■ Work required
The copy you produce must repeat each record exactly and contain no pictures.
Material provided below:
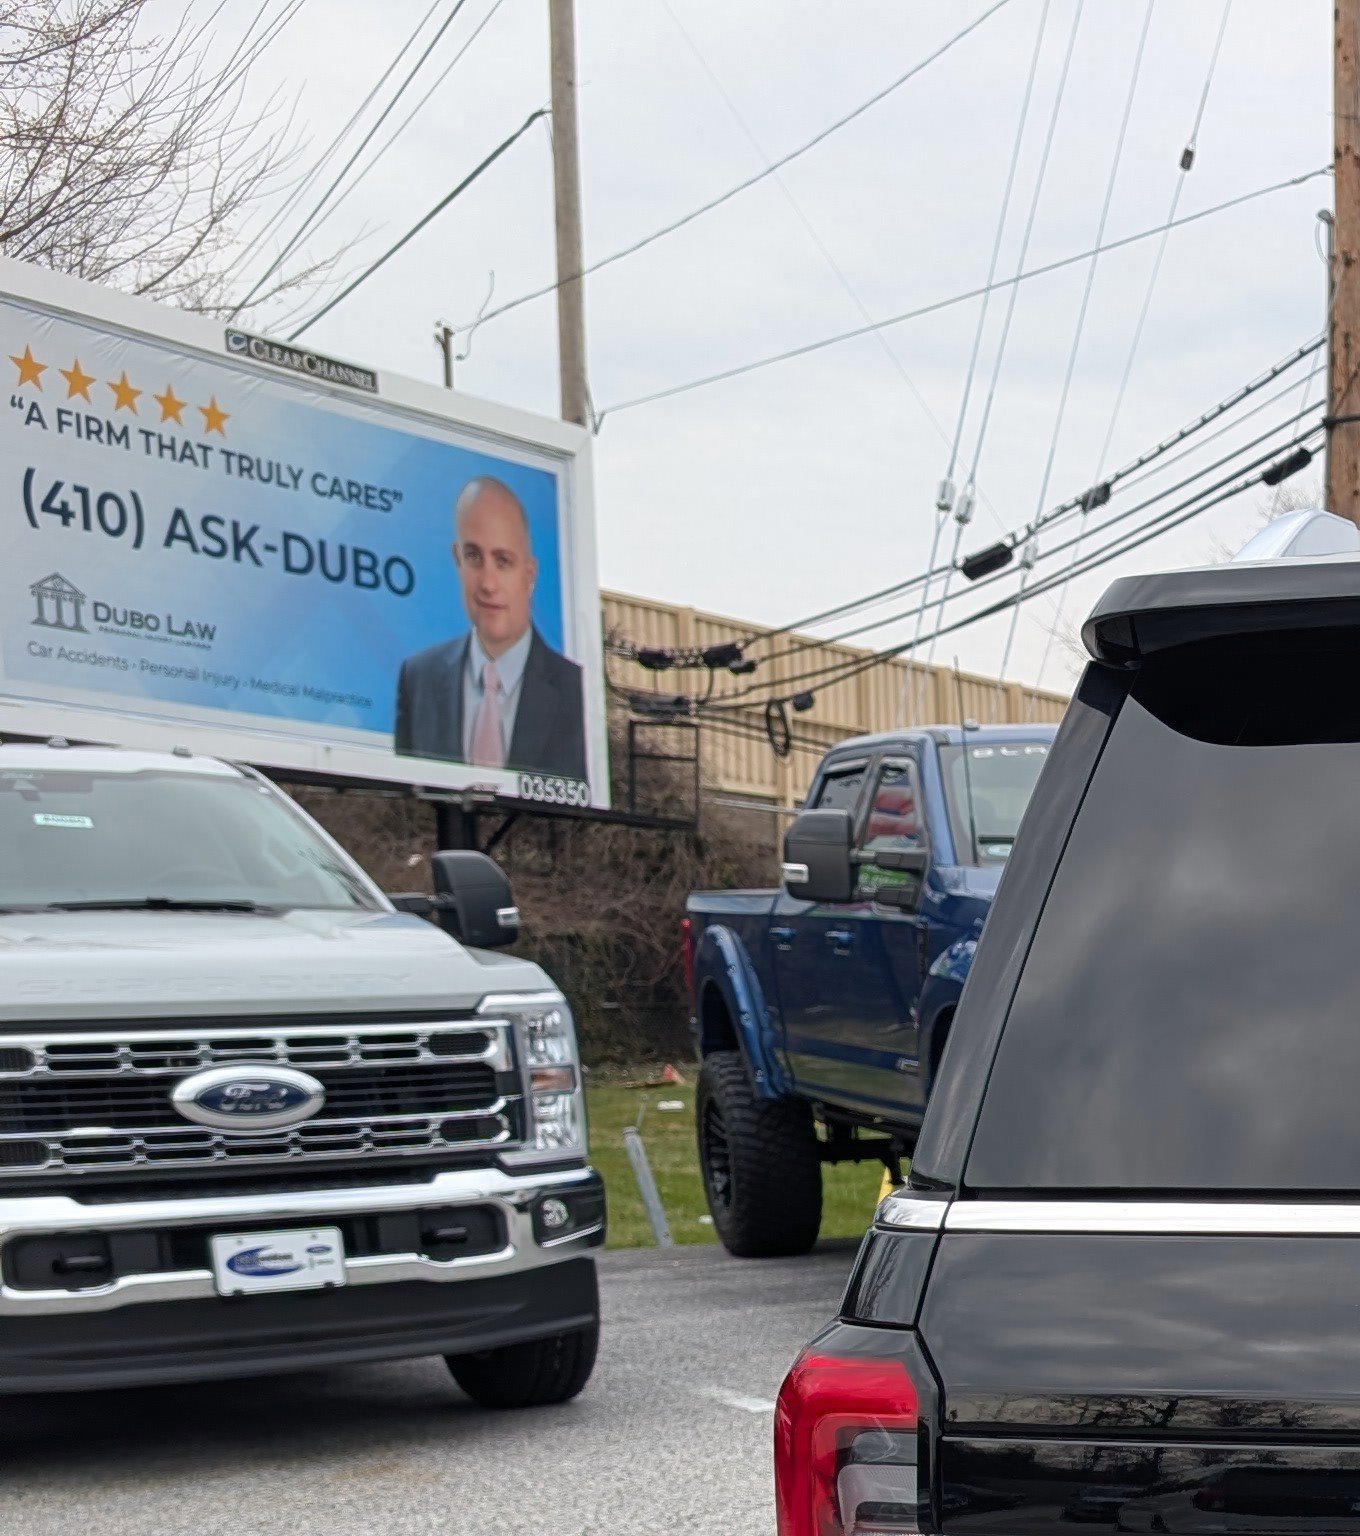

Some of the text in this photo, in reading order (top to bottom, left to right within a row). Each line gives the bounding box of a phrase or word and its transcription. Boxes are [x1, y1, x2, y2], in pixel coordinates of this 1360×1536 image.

[56, 407, 130, 449] FIRM
[138, 428, 213, 469] THAT
[219, 449, 304, 491] TRULY
[23, 467, 415, 597] (410) ASK-DUBO
[93, 601, 161, 632] DUBO
[166, 613, 217, 641] LAW
[27, 640, 53, 659] Car
[56, 645, 129, 671] Accidents
[520, 774, 590, 807] 035350
End of Material provided.
■ Response
Some of the text in this photo, in reading order (top to bottom, left to right within a row). Each line gives the bounding box of a phrase or word and its transcription. Boxes are [x1, y1, x2, y2], in pixel coordinates of this 1360×1536 image.

[56, 407, 130, 449] FIRM
[138, 428, 213, 469] THAT
[219, 449, 304, 491] TRULY
[23, 467, 415, 597] (410) ASK-DUBO
[93, 601, 161, 632] DUBO
[166, 613, 217, 641] LAW
[27, 640, 53, 659] Car
[56, 645, 129, 671] Accidents
[520, 774, 590, 807] 035350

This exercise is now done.